===== TASK INPUT

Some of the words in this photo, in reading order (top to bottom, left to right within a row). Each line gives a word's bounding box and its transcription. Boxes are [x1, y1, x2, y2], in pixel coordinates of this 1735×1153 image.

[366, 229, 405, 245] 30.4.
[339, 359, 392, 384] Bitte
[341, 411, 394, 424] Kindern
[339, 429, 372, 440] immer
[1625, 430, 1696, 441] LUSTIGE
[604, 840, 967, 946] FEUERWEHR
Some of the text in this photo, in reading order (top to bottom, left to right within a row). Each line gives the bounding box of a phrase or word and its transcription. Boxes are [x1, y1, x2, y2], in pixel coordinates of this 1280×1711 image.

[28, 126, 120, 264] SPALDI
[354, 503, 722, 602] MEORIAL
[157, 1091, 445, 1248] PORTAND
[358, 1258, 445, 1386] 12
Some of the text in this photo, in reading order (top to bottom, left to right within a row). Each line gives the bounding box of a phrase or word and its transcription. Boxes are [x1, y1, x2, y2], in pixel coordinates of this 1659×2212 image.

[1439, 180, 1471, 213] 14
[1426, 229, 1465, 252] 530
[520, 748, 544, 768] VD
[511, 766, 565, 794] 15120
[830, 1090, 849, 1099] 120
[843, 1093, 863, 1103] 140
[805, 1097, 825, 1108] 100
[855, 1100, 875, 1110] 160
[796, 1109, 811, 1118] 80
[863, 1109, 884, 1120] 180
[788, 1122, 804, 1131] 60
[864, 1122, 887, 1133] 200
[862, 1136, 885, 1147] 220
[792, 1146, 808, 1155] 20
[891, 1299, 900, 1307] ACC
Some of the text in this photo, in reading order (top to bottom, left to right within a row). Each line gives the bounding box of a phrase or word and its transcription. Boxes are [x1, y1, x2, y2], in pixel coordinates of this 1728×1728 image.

==========

## TASK ITEM
Your task is to reproduce all the data exactly as shown.

## ANSWER SPACE
Some of the words in this photo, in reading order (top to bottom, left to right within a row). Each line gives a word's bounding box and its transcription. Boxes are [x1, y1, x2, y2], in pixel coordinates of this 1735×1153 image.

[366, 229, 405, 245] 30.4.
[339, 359, 392, 384] Bitte
[341, 411, 394, 424] Kindern
[339, 429, 372, 440] immer
[1625, 430, 1696, 441] LUSTIGE
[604, 840, 967, 946] FEUERWEHR
Some of the text in this photo, in reading order (top to bottom, left to right within a row). Each line gives the bounding box of a phrase or word and its transcription. Boxes are [x1, y1, x2, y2], in pixel coordinates of this 1280×1711 image.

[28, 126, 120, 264] SPALDI
[354, 503, 722, 602] MEORIAL
[157, 1091, 445, 1248] PORTAND
[358, 1258, 445, 1386] 12
Some of the text in this photo, in reading order (top to bottom, left to right within a row). Each line gives the bounding box of a phrase or word and its transcription. Boxes are [x1, y1, x2, y2], in pixel coordinates of this 1659×2212 image.

[1439, 180, 1471, 213] 14
[1426, 229, 1465, 252] 530
[520, 748, 544, 768] VD
[511, 766, 565, 794] 15120
[830, 1090, 849, 1099] 120
[843, 1093, 863, 1103] 140
[805, 1097, 825, 1108] 100
[855, 1100, 875, 1110] 160
[796, 1109, 811, 1118] 80
[863, 1109, 884, 1120] 180
[788, 1122, 804, 1131] 60
[864, 1122, 887, 1133] 200
[862, 1136, 885, 1147] 220
[792, 1146, 808, 1155] 20
[891, 1299, 900, 1307] ACC
Some of the text in this photo, in reading order (top to bottom, left to right within a row). Each line gives the bounding box of a phrase or word and its transcription. Boxes are [x1, y1, x2, y2], in pixel coordinates of this 1728×1728 image.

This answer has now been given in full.